Mr. Patten : I am very sorry that the hon. Lady should sneer at what the Government, in a coalition of interested people, are doing to try to deal with the issue of truancy up and down the land. That shows the attitude of those on the Opposition Front Bench. The hon. Lady has displayed what I have always suspected about her ; she does not support the concept of testing.

We have seen the shadow Home Secretary trying to slip into the clothes of my right hon. and learned Friend the Home Secretary, which in itself is a difficult task. We see the modernisers of the Labour party trying to come aboard a Conservative agenda on law and order. I am afraid that no such Opposition modernisers have reached the Labour Front Bench. I greatly fear that if the NUT and the NAS/UWT in different parts of the country suggest boycotting the tests, we will find the hon. Lady, who is led by the nose by the producer lobby, backing those trade unions in any boycotts.

Further Education

2. Mr. Jacques Arnold : To ask the Secretary of State for Education what steps he is taking to encourage more 16-year-olds to attend colleges of further education.

The Parliamentary Under-Secretary of State for Further and Higher Education (Mr. Tim Boswell) : The Government are committed to raisinlevels of participation and achievement. The proportion of 16-year- olds in education and training has now reached 87 per cent., which is an increase of 20 points since 1979. Our public expenditure plans already provide for 25 per cent. more students in further education over the next three years.

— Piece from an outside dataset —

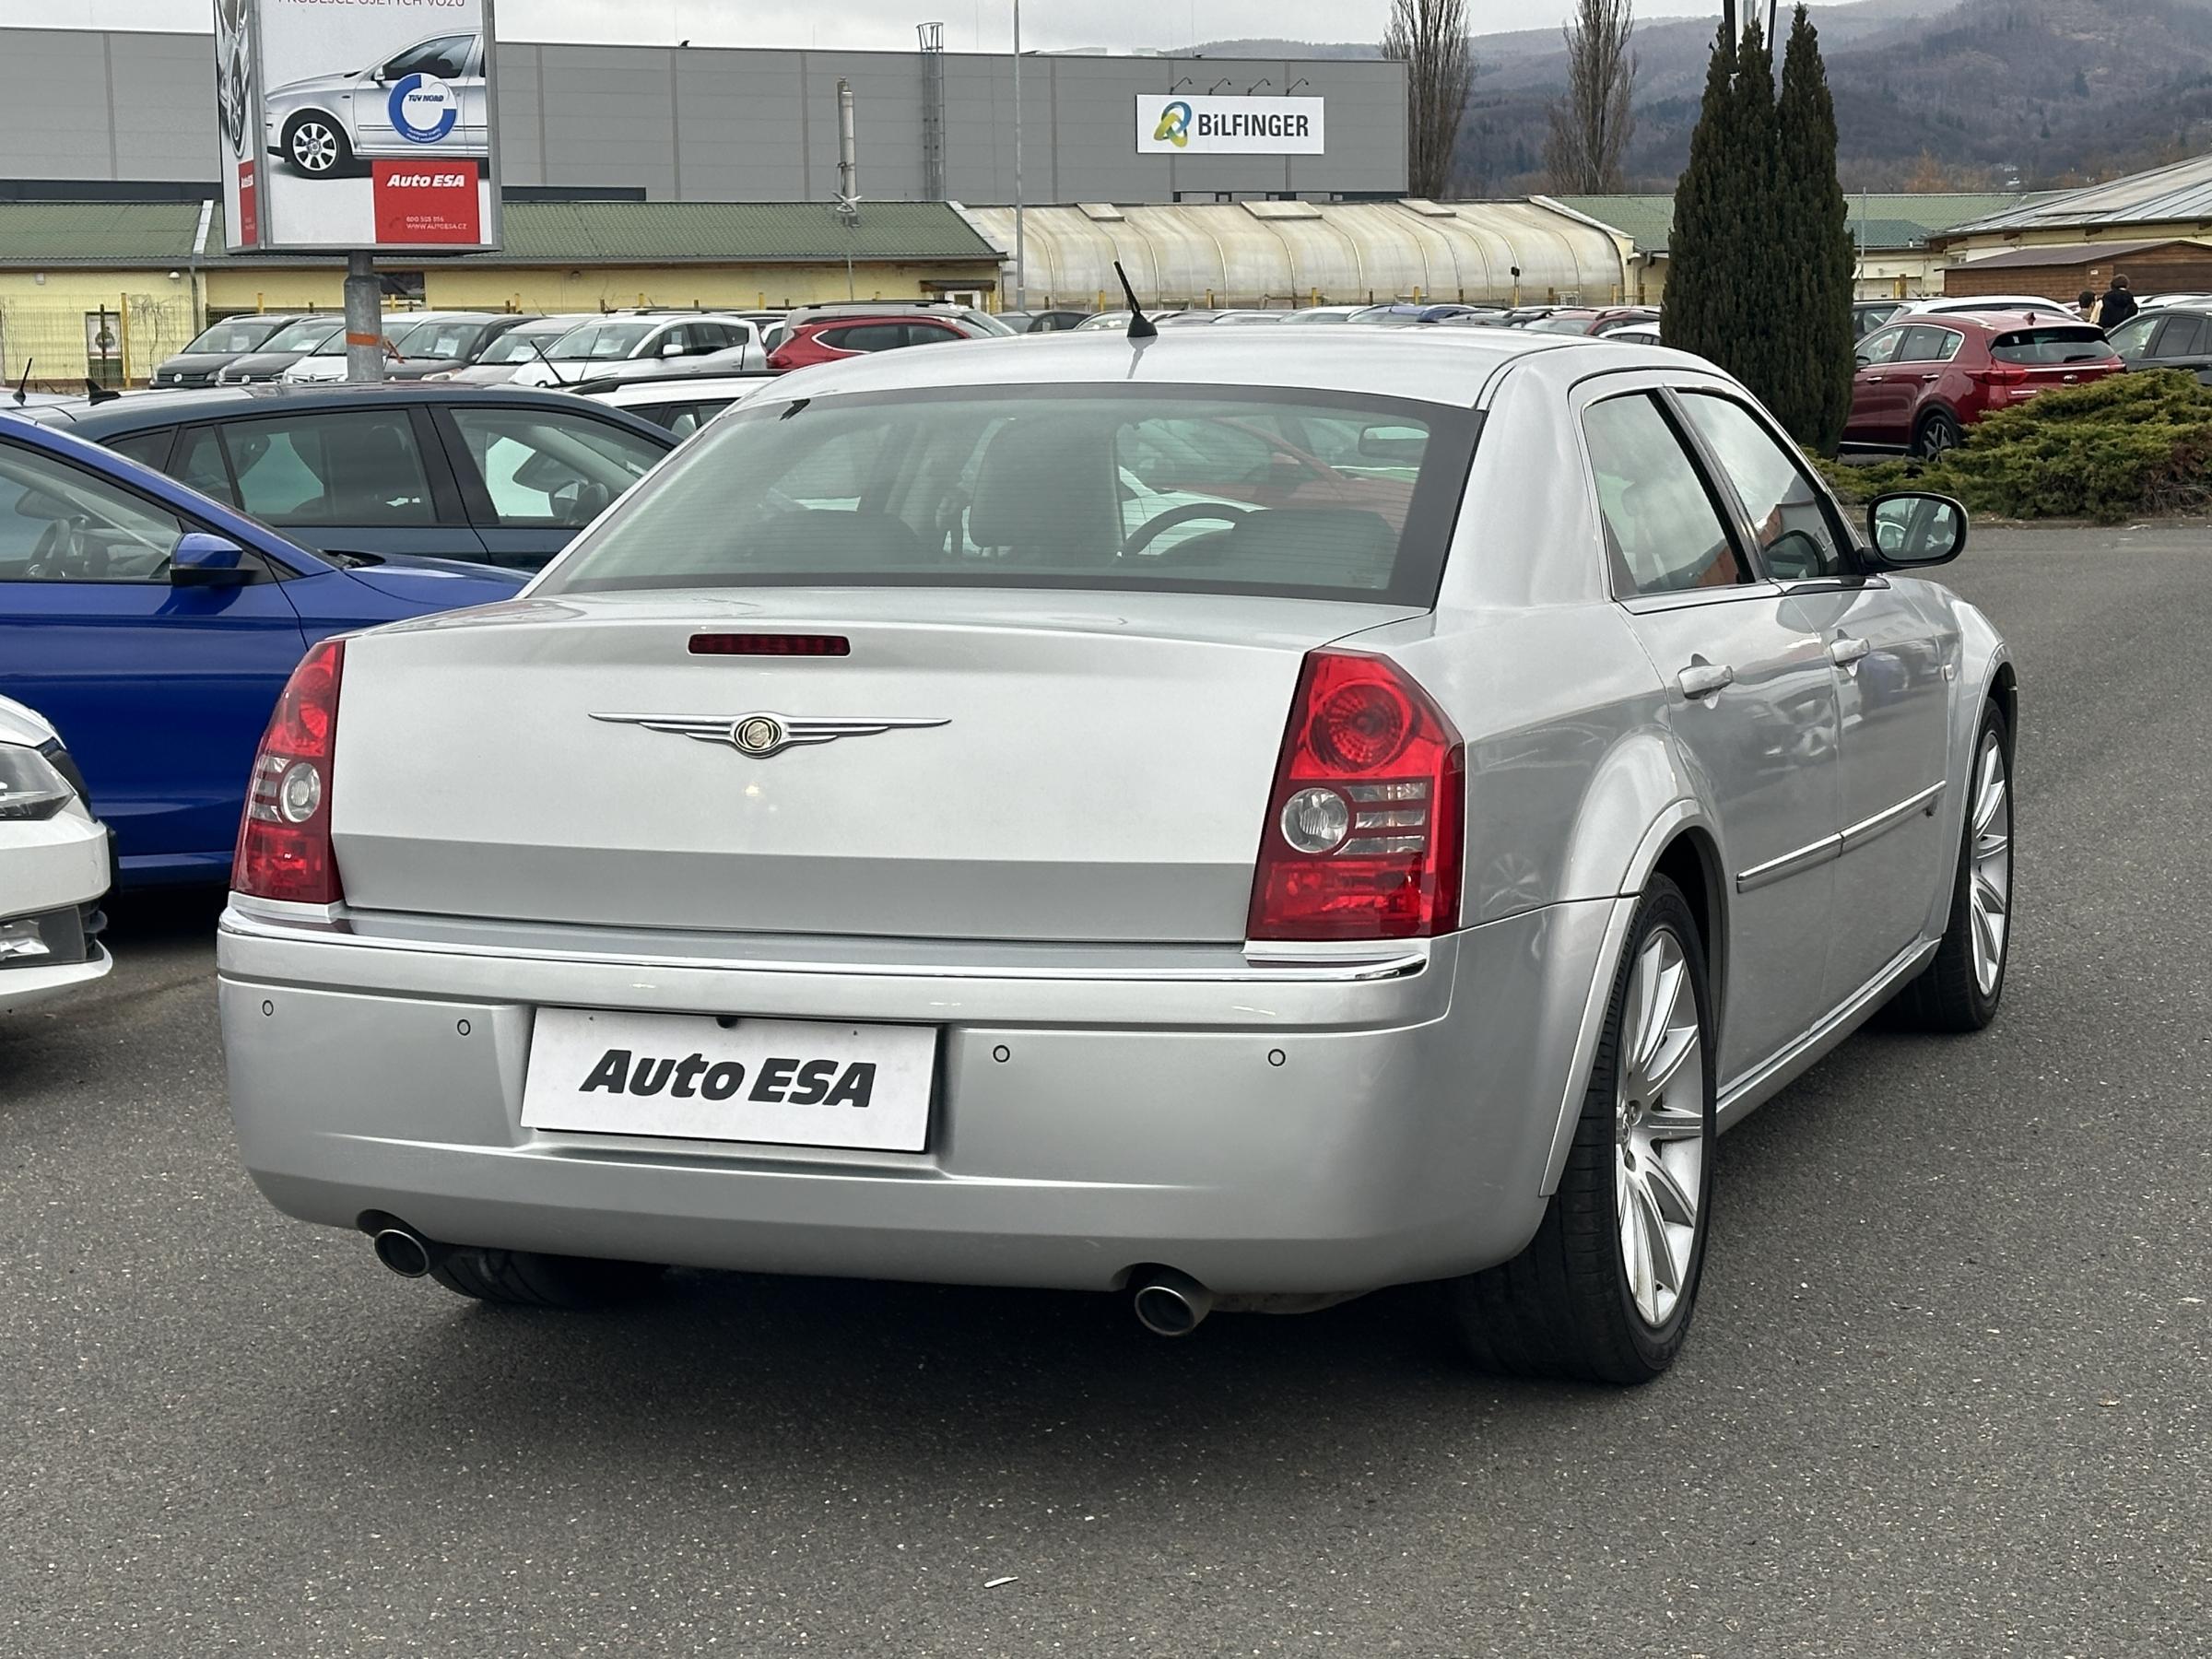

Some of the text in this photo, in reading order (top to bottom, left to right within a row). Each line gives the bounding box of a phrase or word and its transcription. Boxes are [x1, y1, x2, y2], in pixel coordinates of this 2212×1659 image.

[387, 174, 465, 187] Auto ESA
[579, 1049, 877, 1107] Auto ESA

Mr. Arnold : My hon. Friend will be aware of the £6 million investment that has been approved by the Government for the brand new campus of the North-West Kent college at Lower Higham road in Chalk near Gravesend. May I rest assured that my hon. Friend will give maximum encouragement to my constituents aged 16 and older to take advantage of the excellent courses to be found in that college in electronics, engineering, catering and many other interesting subjects?

Mr. Boswell : I am grateful to my hon. Friend for his comments. I am aware of Kent LEA's current provisional capital resources for the county, which are now being considered, taking account of competing claims, as I am sure that my hon. Friend will understand. An announcement on these matters will be made shortly.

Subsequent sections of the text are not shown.